Because it is a very powerful drug and it would be a shame if we gave up on it because the side effects were bad in the first week or two and we didn't find a way to persist.
Now there are a few serious side effects that are noted.
So there was a concern with a GLP-1s around inflammation of the pancreas that is extremely rare, low blood sugars are unlikely, but possible, and of course, there are allergic reactions.
So there is Ozempic (Semaglutide).
A new treatment that is being launched all over the world that is for people with Type 2 diabetes, that seems to not only lower blood sugars but also in lowering blood sugars leads to some weight loss. There is some good evidence also that in people who have cardiovascular risk factors, in other words, people who are either susceptible? to heart attacks and strokes or people who have had one in the past, this reduces the likelihood of having a further event by around 25-26%.
That is in common with a number of other GLP-1 drugs.
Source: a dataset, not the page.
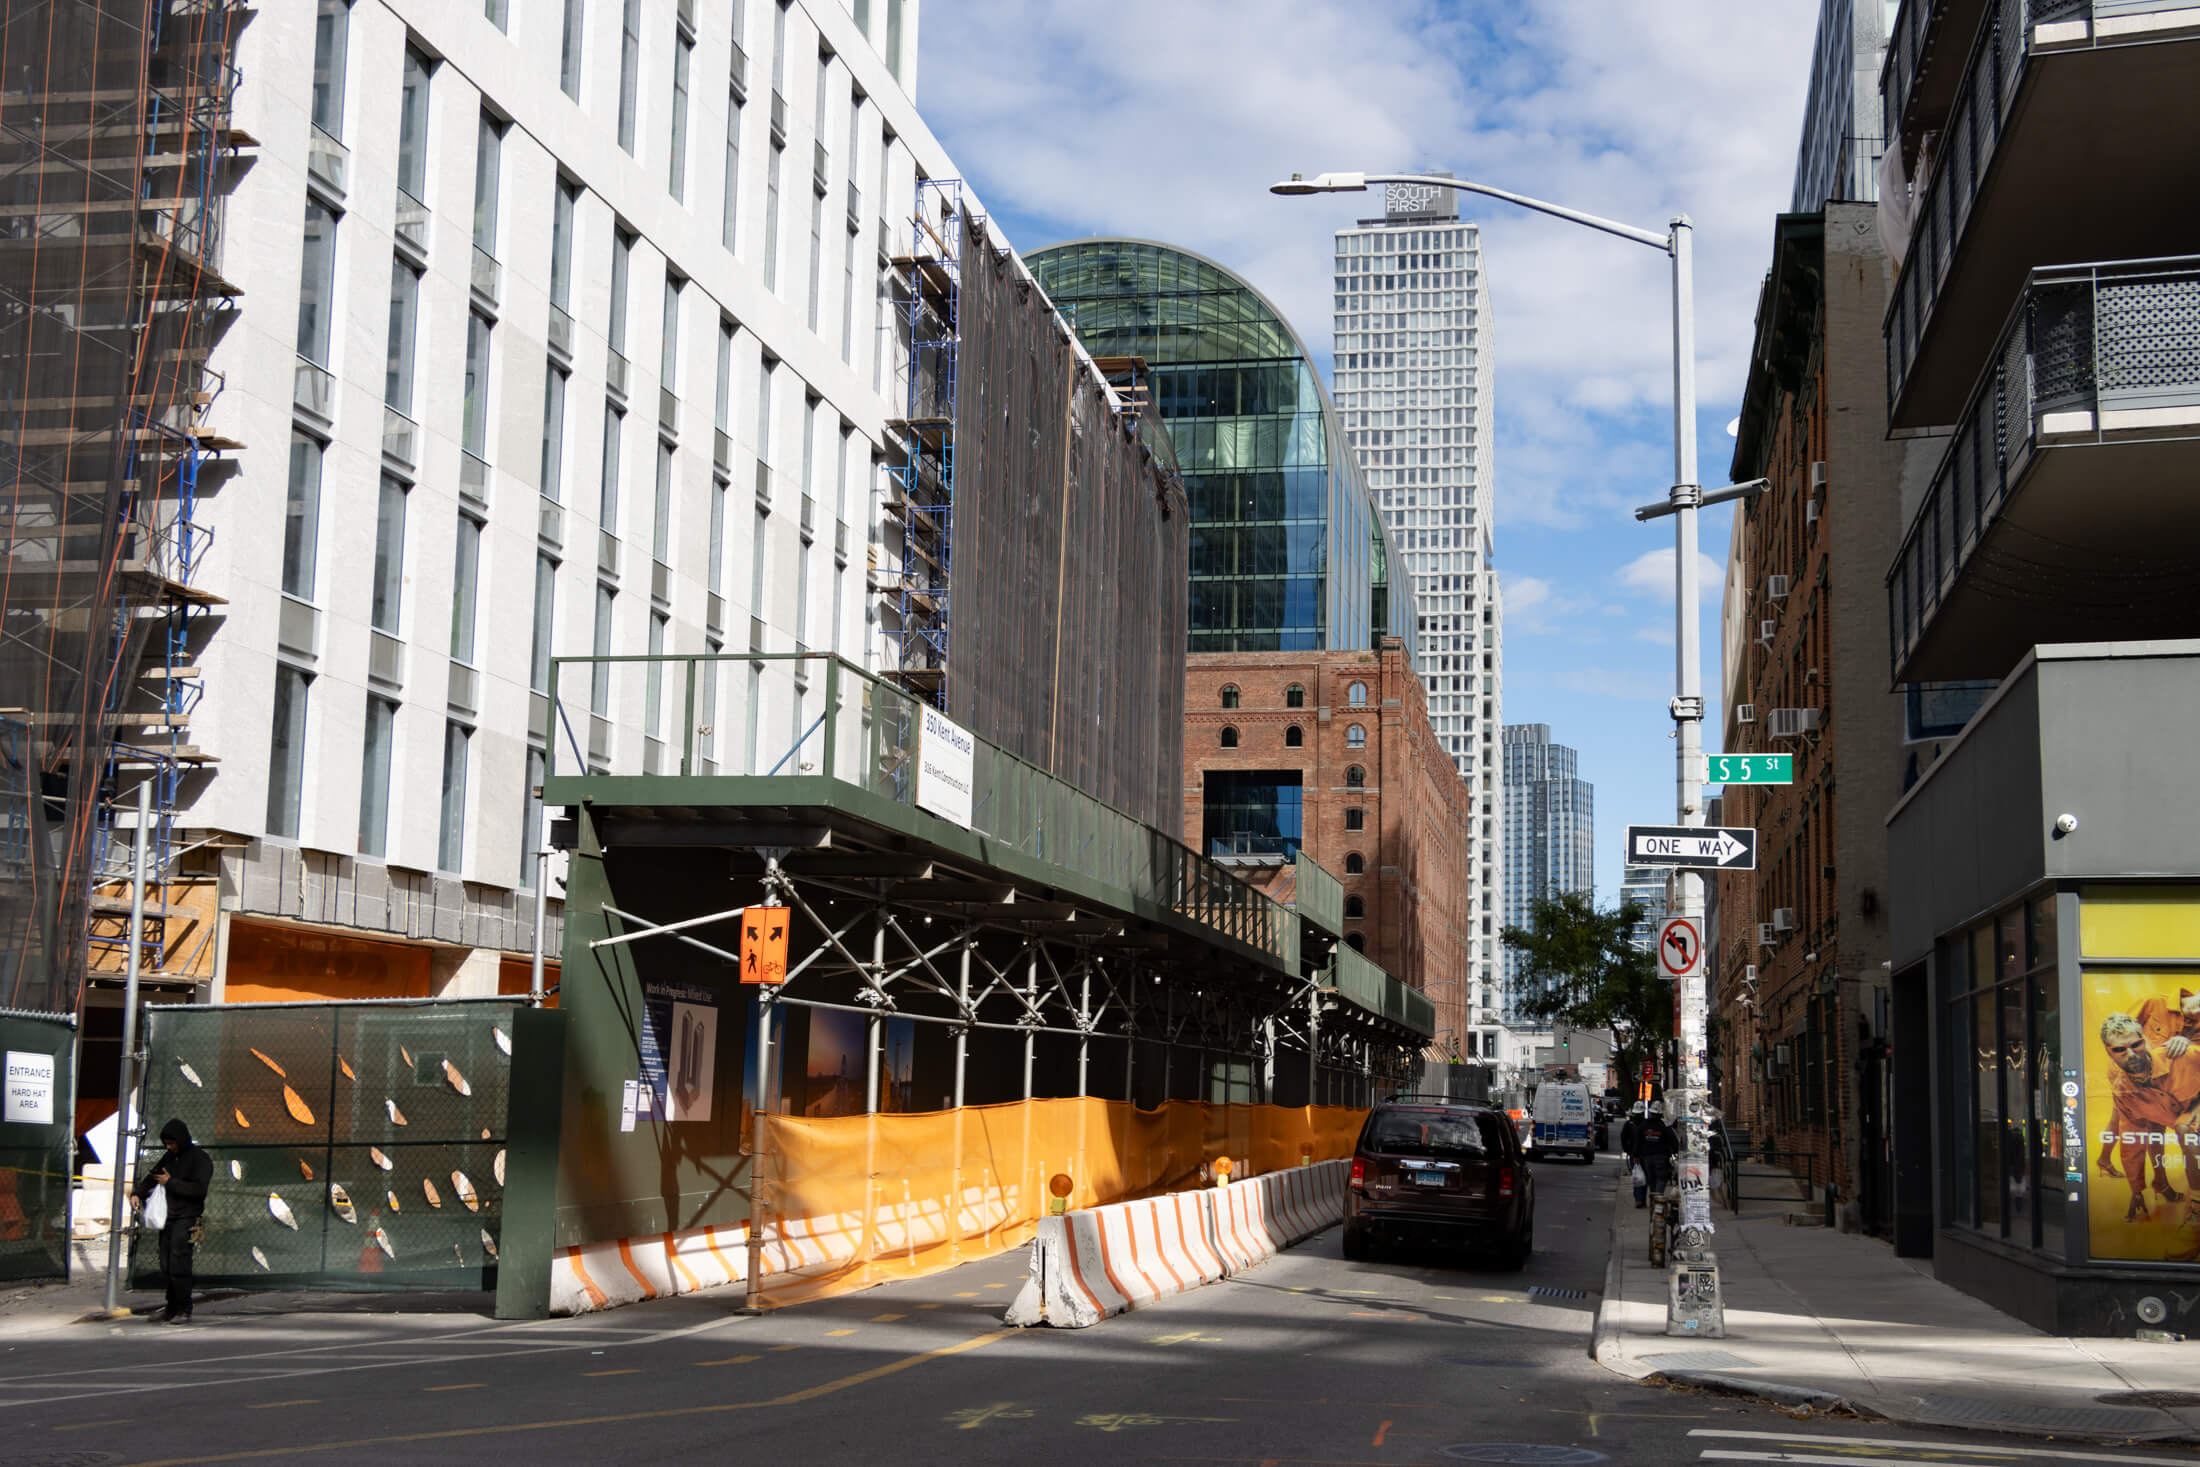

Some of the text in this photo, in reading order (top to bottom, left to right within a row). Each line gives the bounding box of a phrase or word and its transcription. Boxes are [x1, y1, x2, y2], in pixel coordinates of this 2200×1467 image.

So these are really powerful agents that are really helping us, as healthcare professionals, provide great care and outcomes for people with diabetes and certainly a great tool if you have diabetes to help you moving forward because with the benefits of weight loss and the reduction in blood sugars being so powerful and the potential benefit of reducing heart attacks and strokes this is part of the future of diabetes that is here right now.